Dataset entries:
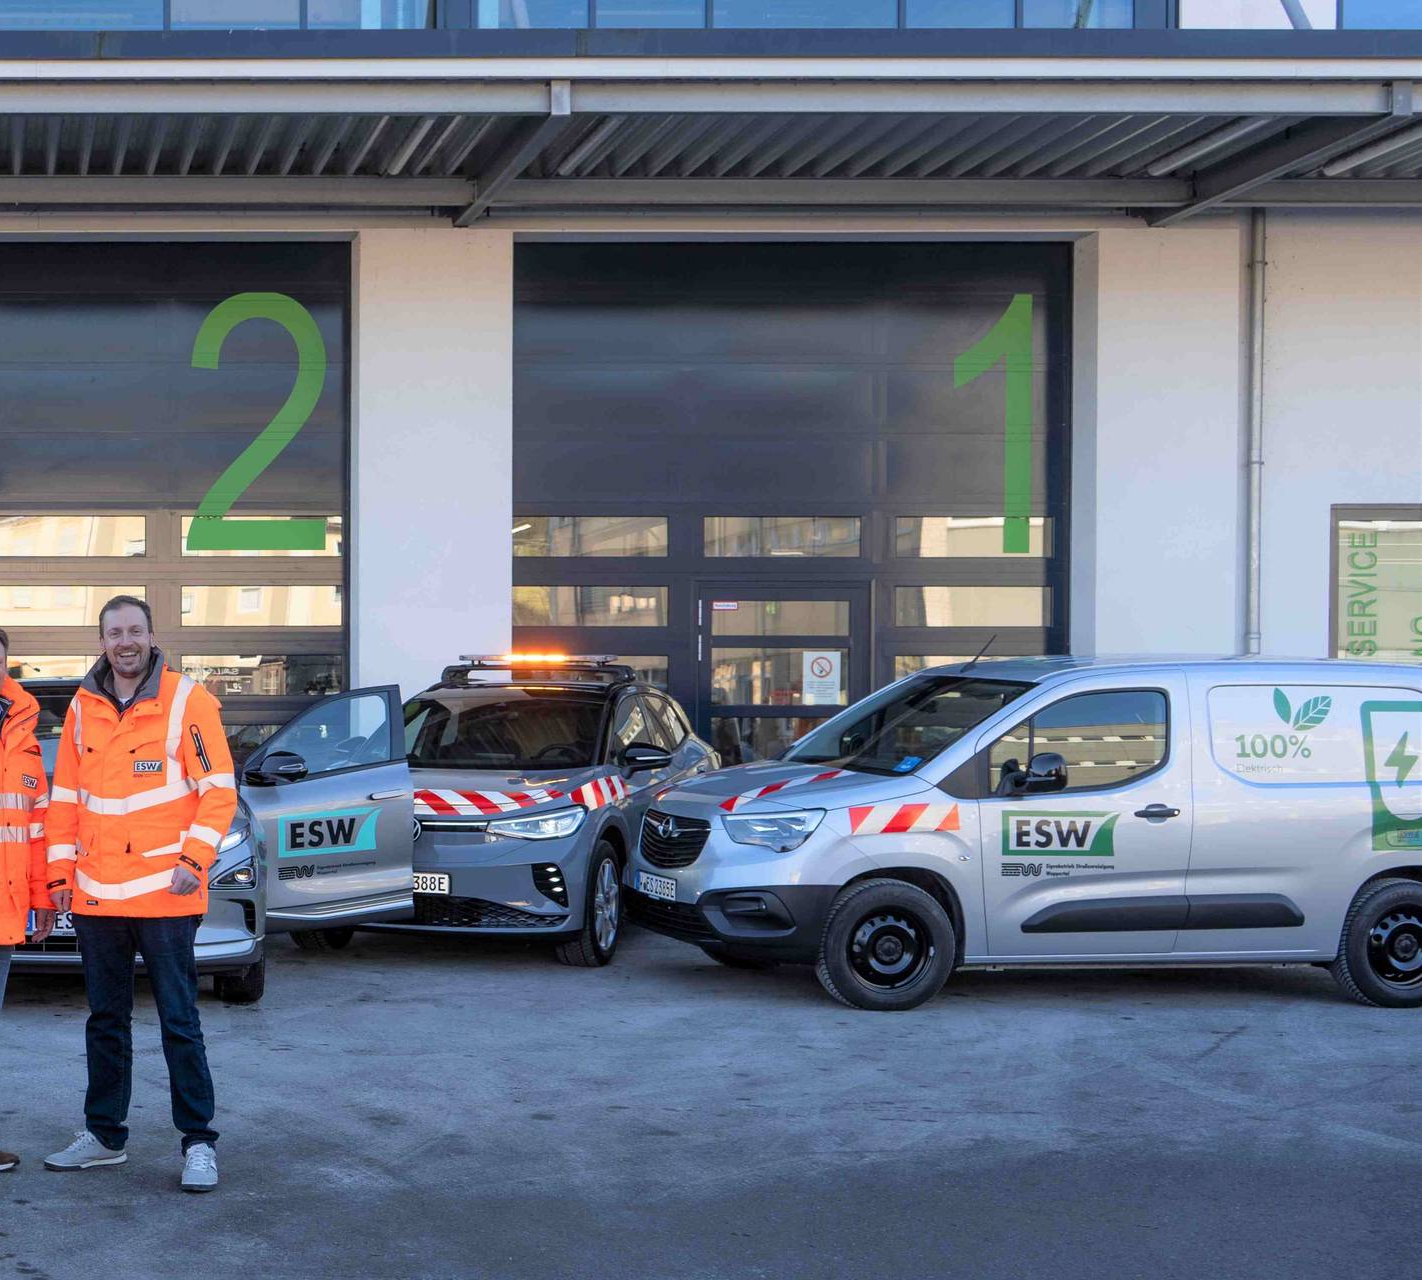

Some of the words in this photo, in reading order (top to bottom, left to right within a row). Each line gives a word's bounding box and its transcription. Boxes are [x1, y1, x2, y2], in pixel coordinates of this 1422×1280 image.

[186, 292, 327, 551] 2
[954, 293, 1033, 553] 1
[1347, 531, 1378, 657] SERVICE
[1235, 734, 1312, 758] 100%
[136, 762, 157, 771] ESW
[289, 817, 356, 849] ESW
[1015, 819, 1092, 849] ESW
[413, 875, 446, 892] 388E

◆ How to complete this task
Reproduce the whole of the data, word for word, and omit its pictures.

◆ Answer for this exercise
Some of the words in this photo, in reading order (top to bottom, left to right within a row). Each line gives a word's bounding box and its transcription. Boxes are [x1, y1, x2, y2], in pixel coordinates of this 1422×1280 image.

[186, 292, 327, 551] 2
[954, 293, 1033, 553] 1
[1347, 531, 1378, 657] SERVICE
[1235, 734, 1312, 758] 100%
[136, 762, 157, 771] ESW
[289, 817, 356, 849] ESW
[1015, 819, 1092, 849] ESW
[413, 875, 446, 892] 388E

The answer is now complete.